The conceptual models being used in healthcare’s efforts to achieve high reliability may have weaknesses, according to Marc T. Edwards, MD, MBA, author of “An Organizational Learning Framework for Patient Safety,” published in the American Journal of Medical Quality. Those weaknesses could explain why controversy over basic issues around the subject remain.
His paper analyzes those barriers to achieving high reliability in healthcare and points to a way forward—specifically, a different framework for identifying leverage points for improvement based on organizational learning theory.
“Organizations learn from others, from defects, from measurement, and from mindfulness,” he writes. “These learning modes correspond with contemporary themes of collaboration, no blame for human error, accountability for performance, and managing the unexpected. The collaborative model has dominated improvement efforts. Greater attention to the underdeveloped modes of organizational learning may foster more rapid progress in patient safety by increasing organizational capabilities, strengthening a culture of safety, and fixing more of the process problems that contribute to patient harm.”
To help bring this about, hospitalists can contribute by “embracing accountability for clinical performance, developing appropriate measures, and engaging in safety improvement activities — the most salient and important of which is reporting adverse events, near misses, and hazardous conditions affecting their own patients,” Dr.

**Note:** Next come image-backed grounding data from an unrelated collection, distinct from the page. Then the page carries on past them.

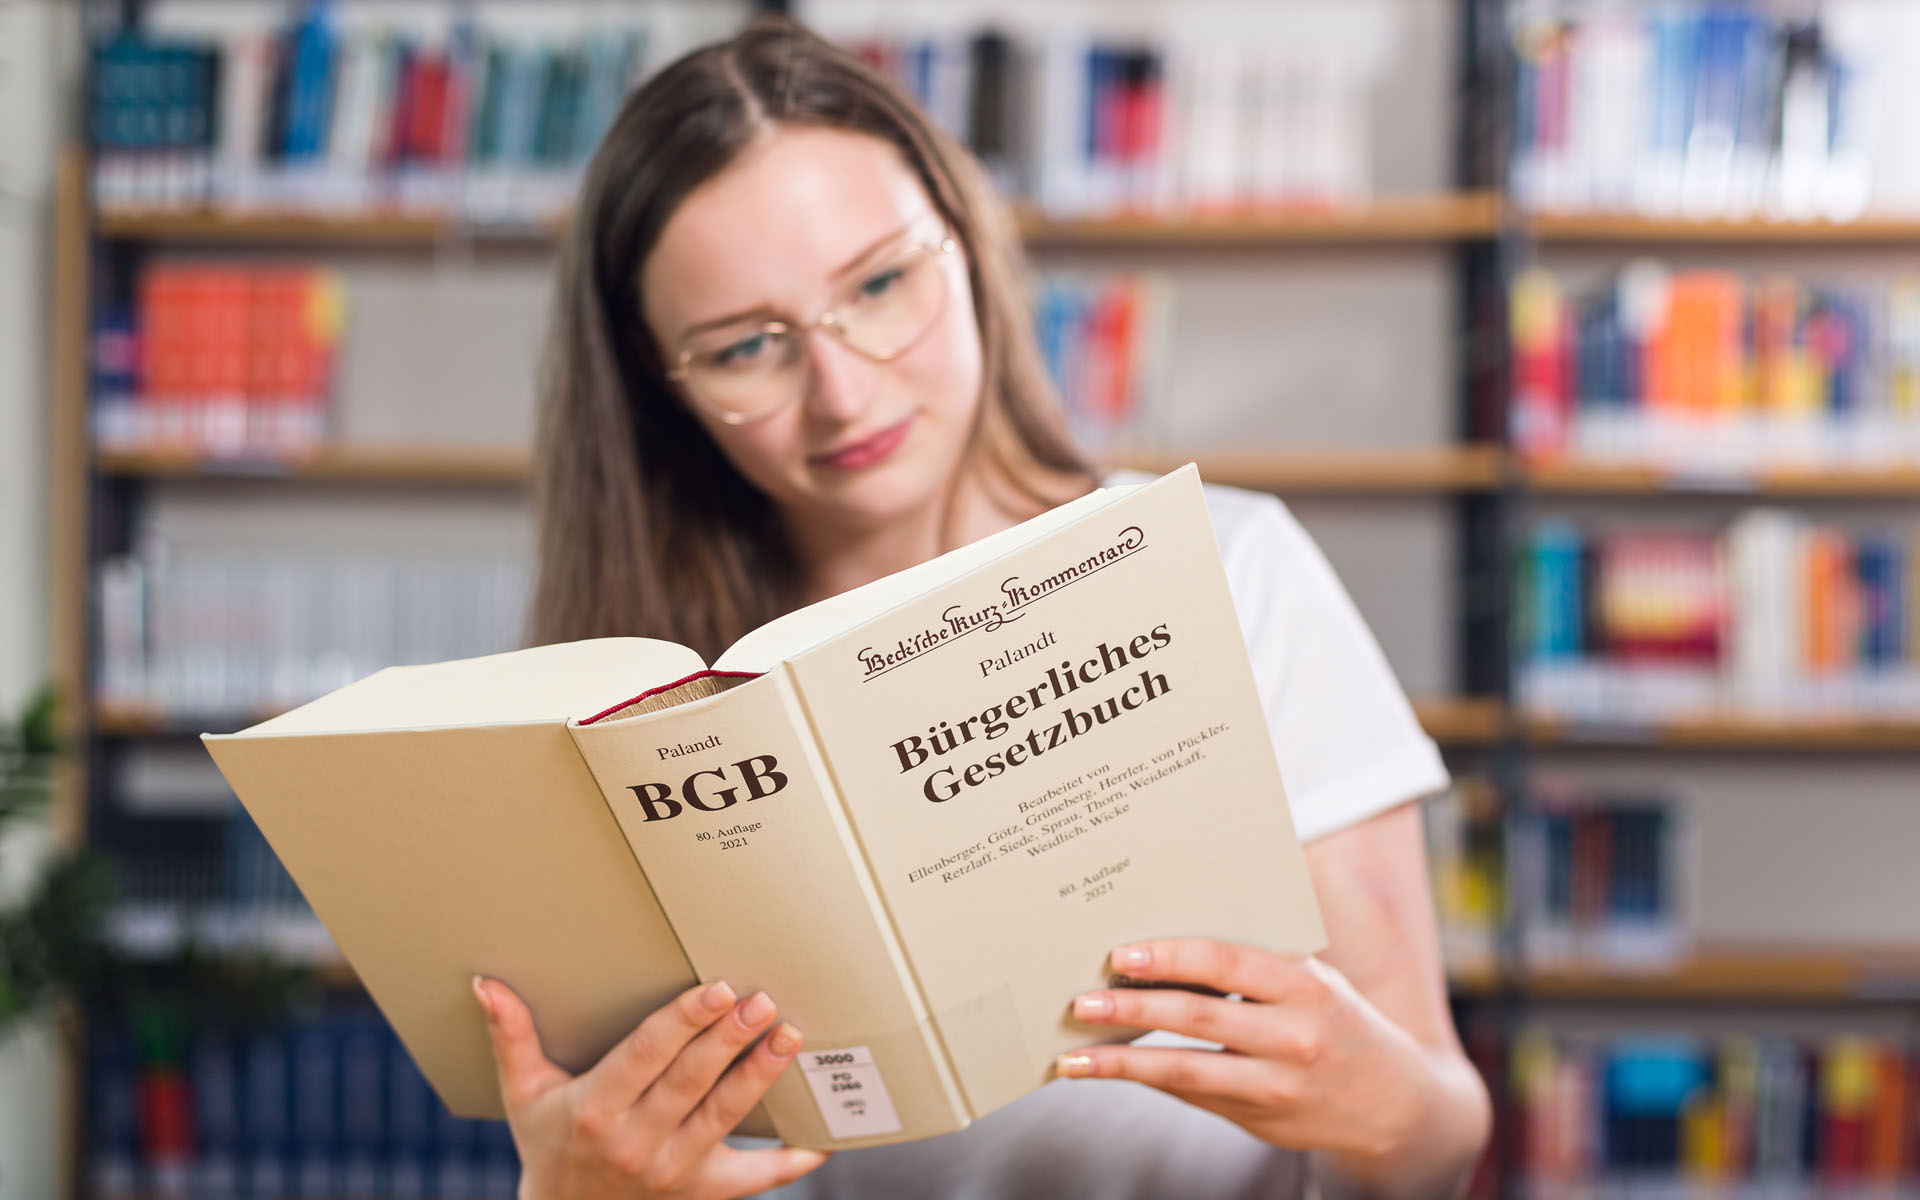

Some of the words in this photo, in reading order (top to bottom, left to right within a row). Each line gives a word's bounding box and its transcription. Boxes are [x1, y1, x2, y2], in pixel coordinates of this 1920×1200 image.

[978, 630, 1058, 678] Palandt
[889, 623, 1172, 774] Bürgerliches
[656, 734, 723, 760] Palandt
[922, 669, 1172, 803] Gesetzbuch
[625, 754, 788, 823] BGB
[908, 842, 985, 883] Ellenberger,
[987, 824, 1023, 845] Götz,
[1025, 789, 1097, 826] Grüneberg,
[1099, 762, 1149, 791] Herrler,
[1151, 749, 1175, 765] von
[1177, 722, 1230, 752] Pückler,
[1018, 777, 1083, 813] Bearbeitet
[1086, 763, 1110, 780] von
[695, 831, 715, 842] 80.
[717, 821, 763, 838] Auflage
[942, 850, 997, 883] Retzlaff,
[999, 833, 1039, 856] Siede,
[1041, 812, 1083, 836] Sprau,
[1084, 791, 1128, 814] Thorn,
[1129, 750, 1206, 792] Weidenkaff,
[1027, 825, 1089, 858] Weidlich,
[1089, 803, 1131, 828] Wicke
[719, 837, 749, 851] 2021
[1058, 883, 1078, 899] 80.
[1083, 858, 1131, 887] Auflage
[1084, 880, 1115, 903] 2021

Edwards says. “This means taking responsibility for ending the culture of blame in healthcare, which currently blocks physicians from such self-reporting.”
He adds that hospitalists can do this by changing the model by which they conduct clinical peer review: Instead of focusing on whether individual physicians practiced according to standards, they could look broadly at learning opportunities for improvement in the system of care.
- Edwards MT. An organizational learning framework for patient safety [published online ahead of print February 25, 2016]. Am J Med Qual. pii:1062860616632295.